Work instructions
Please reproduce the data exactly and omit the pictures.

** Opening Exercise data block **

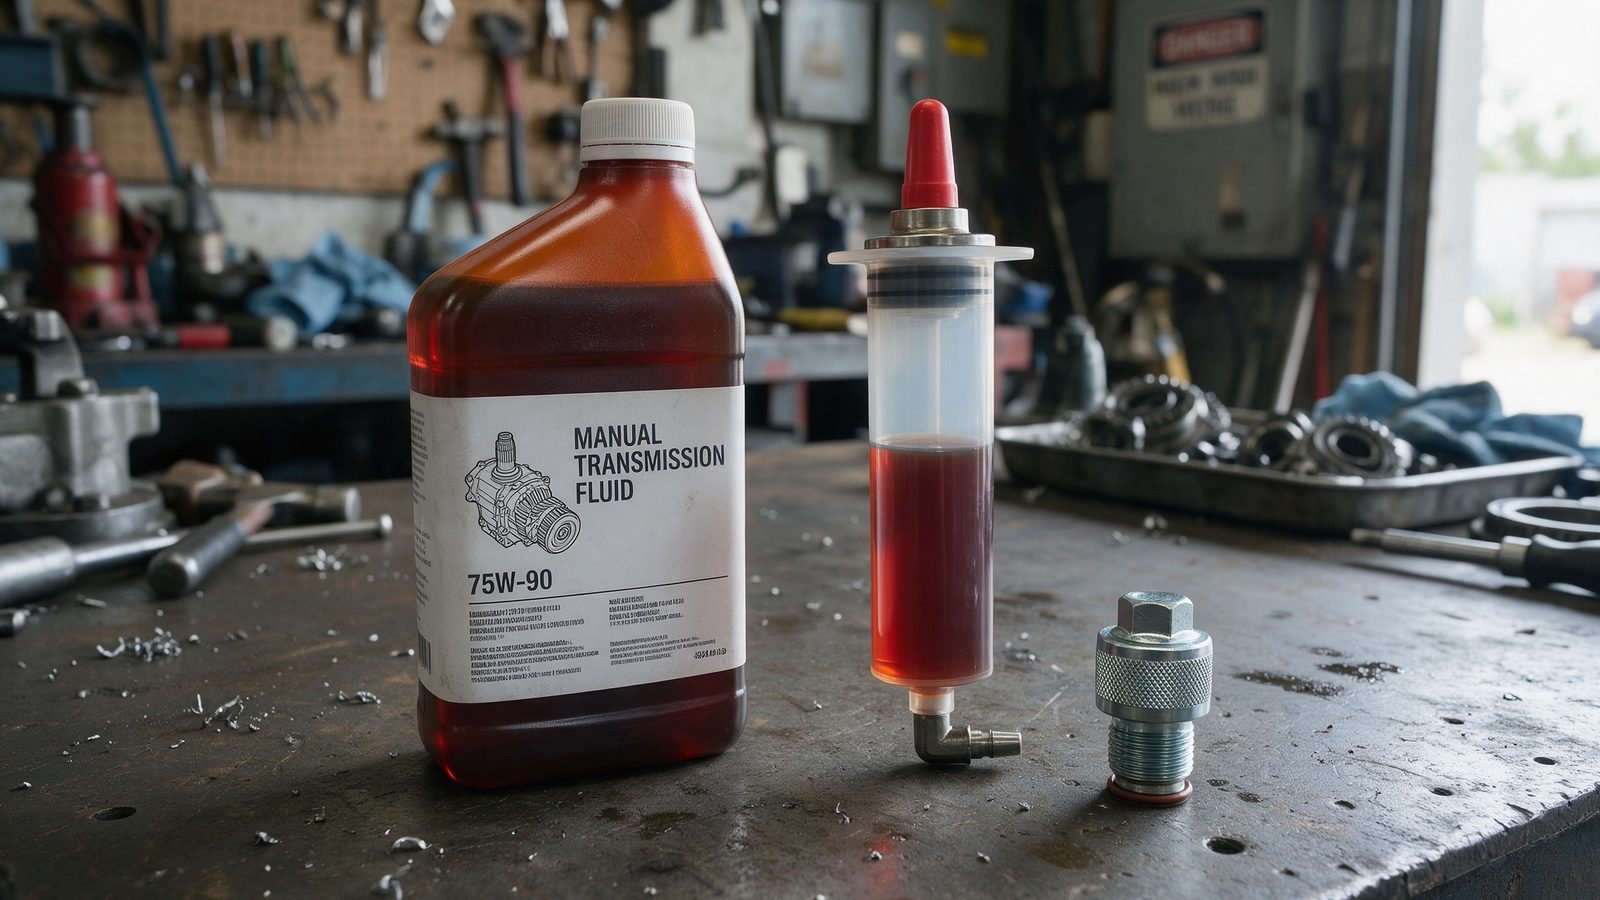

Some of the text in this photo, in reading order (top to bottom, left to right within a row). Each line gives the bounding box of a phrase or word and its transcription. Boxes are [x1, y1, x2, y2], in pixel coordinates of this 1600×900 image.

[574, 423, 662, 449] MANUAL
[574, 444, 725, 477] TRANSMISSION
[575, 479, 634, 504] FLUID
[468, 569, 552, 595] 75W-90

** Closing Exercise data block **

Output below
Some of the text in this photo, in reading order (top to bottom, left to right within a row). Each line gives the bounding box of a phrase or word and its transcription. Boxes are [x1, y1, x2, y2], in pixel coordinates of this 1600×900 image.

[574, 423, 662, 449] MANUAL
[574, 444, 725, 477] TRANSMISSION
[575, 479, 634, 504] FLUID
[468, 569, 552, 595] 75W-90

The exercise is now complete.